Bei der Sippe in NRW stieß diese Konsequenz auf wenig Verständnis. Um es ganz vorsichtig auszudrücken.
„Für euch haben wir dann gar nichts mehr anzubieten.“
„Wie? Ihr esst kein echtes Sauerländer Graubrot mehr? Das ist aber doch soooo wichtig!“
Solche Sätze prasselten auf uns ein. Wie zu erwarten war. Den Vogel schoss aber eine liebenswerte Tante ab, als sie ihrem deutlich schlanker und fitter gewordenen Bruder ins Gewissen redete.
„Jeder Arzt kann dir sagen, wie wichtig Vollkornbrot ist. Nur die Wurst und das ganze fette Fleisch essen, das kann doch nicht gesund sein!“
Im Grunde hat die fleischfeindliche Metzgersgattin nicht einmal vollkommen unrecht. Die Basis der primalen Ernährung bildet keineswegs fettes Fleisch. Das idealerweise frisch erlegte Wildbret liegt bei uns auf Massen von grünem Gemüse. Aber das tierische Fett schreckt uns nicht. Im Gegenteil.
Bei allen Fetten ist entscheidend, dass sie möglichst wenig verändert wurden. Einer während der Herstellung erhitzten Wurst werde ich einen luftgetrockneten Rohschinken jederzeit vorziehen. Und kurzgebratene Leber einem stundenlang gekochten Gulasch.

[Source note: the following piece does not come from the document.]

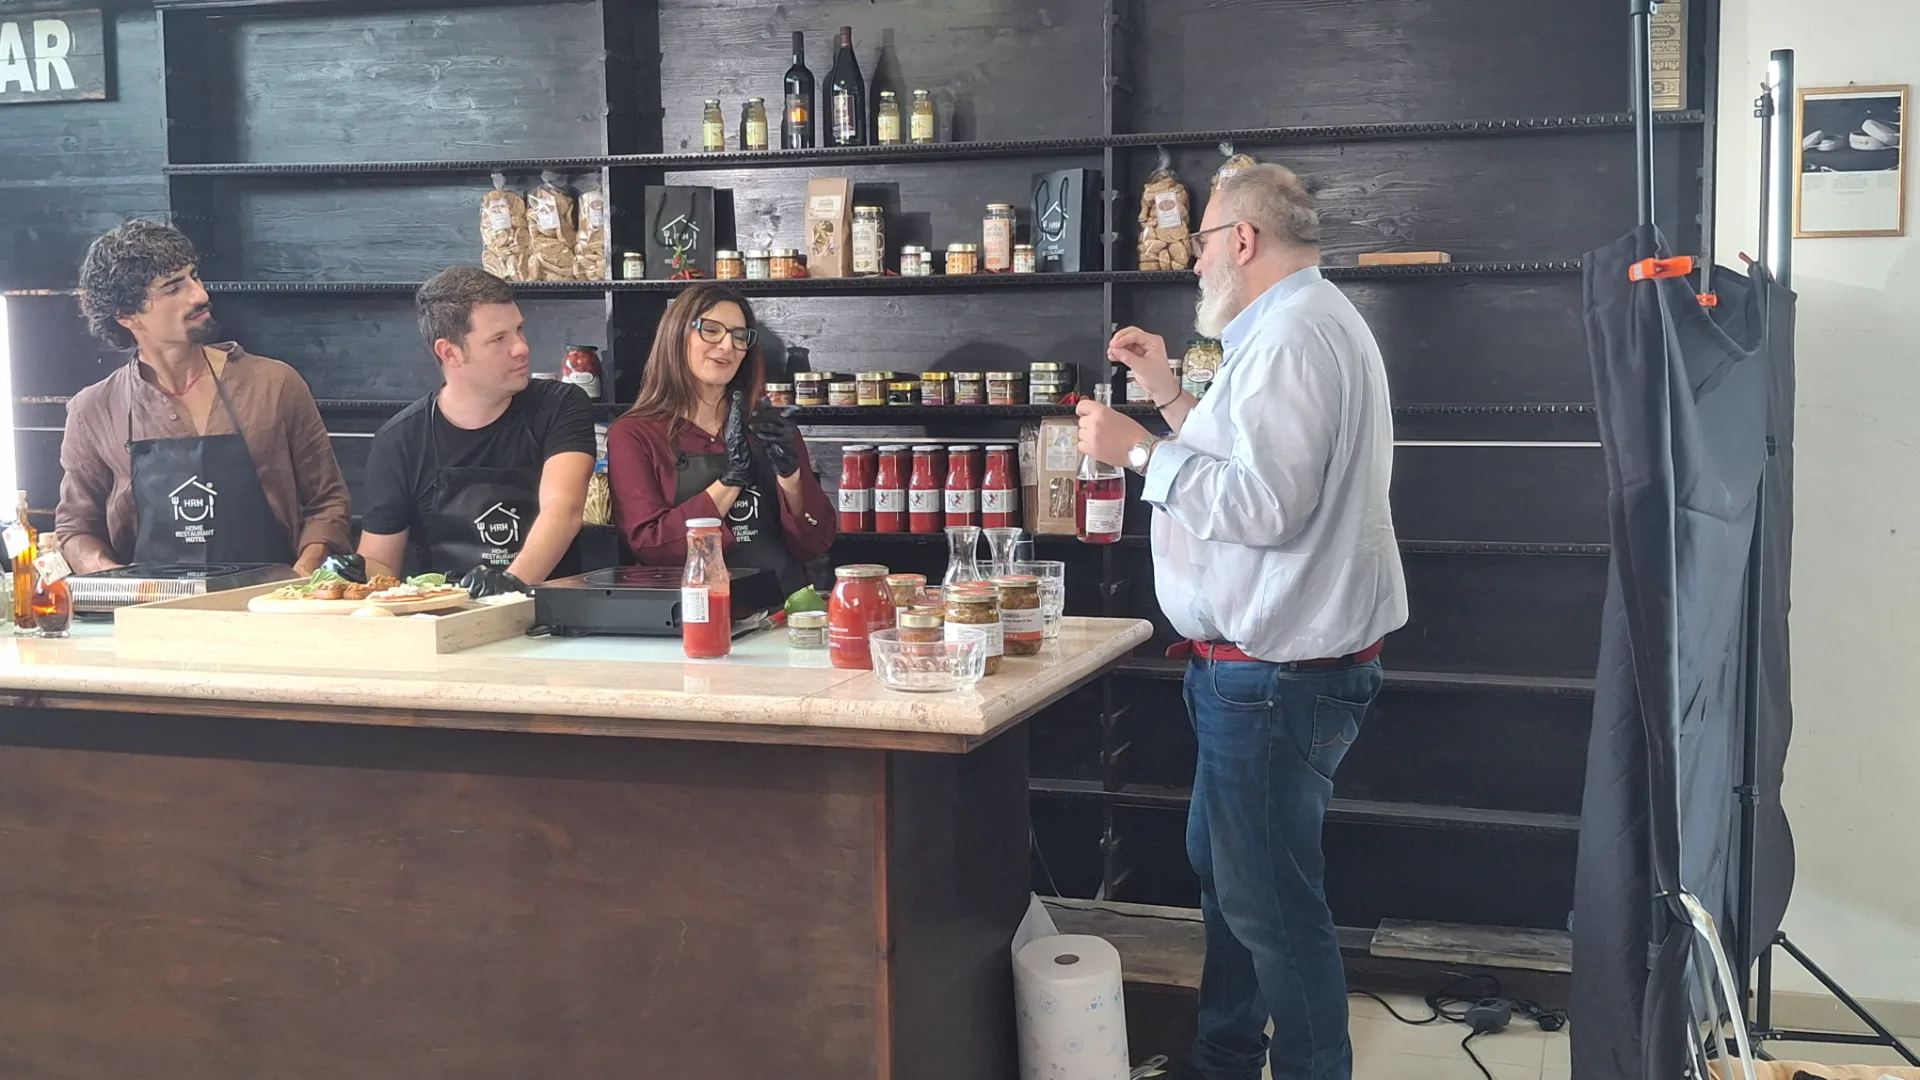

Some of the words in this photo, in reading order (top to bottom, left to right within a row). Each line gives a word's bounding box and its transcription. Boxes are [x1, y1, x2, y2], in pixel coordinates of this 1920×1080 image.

[184, 498, 204, 508] HRH
[489, 523, 508, 532] HRH
[175, 529, 215, 538] RESTAURANT

„Bunt“ gemischte Eiweiße mit gesättigten Fetten auf naturbelassenem Salat oder rohem Gemüse, das ist meine erste Wahl für die Hauptmahlzeit. Und sonst gibt es vor allem Eier.
Sicher, neumodischer Kram wie Blutwurst, Eier von auf Legeleistung gezüchteten Hühnern, Olivenöl (gerade mal ein paar Tausend Jahre bekannt) und Joghurt, hätten unsere Vorfahren mit identischem Gen-Bestand bestimmt irritiert. Aber das Leben heute ist weder freie Wildnis noch mit Liebe behüteter Ponyhof. Seinerzeit war das Dafür kein Zuckerschlecken wie bei uns. Aber dazu mehr in einem anderen Blog-Post. Stay tuned!
Sehr schön beschrieben und wunderbar zu lesen.
Ich bekomme Appetit auf Wurst und ich hoffe, dass die bayerische Metzgerinnung nichts einzuwenden hat.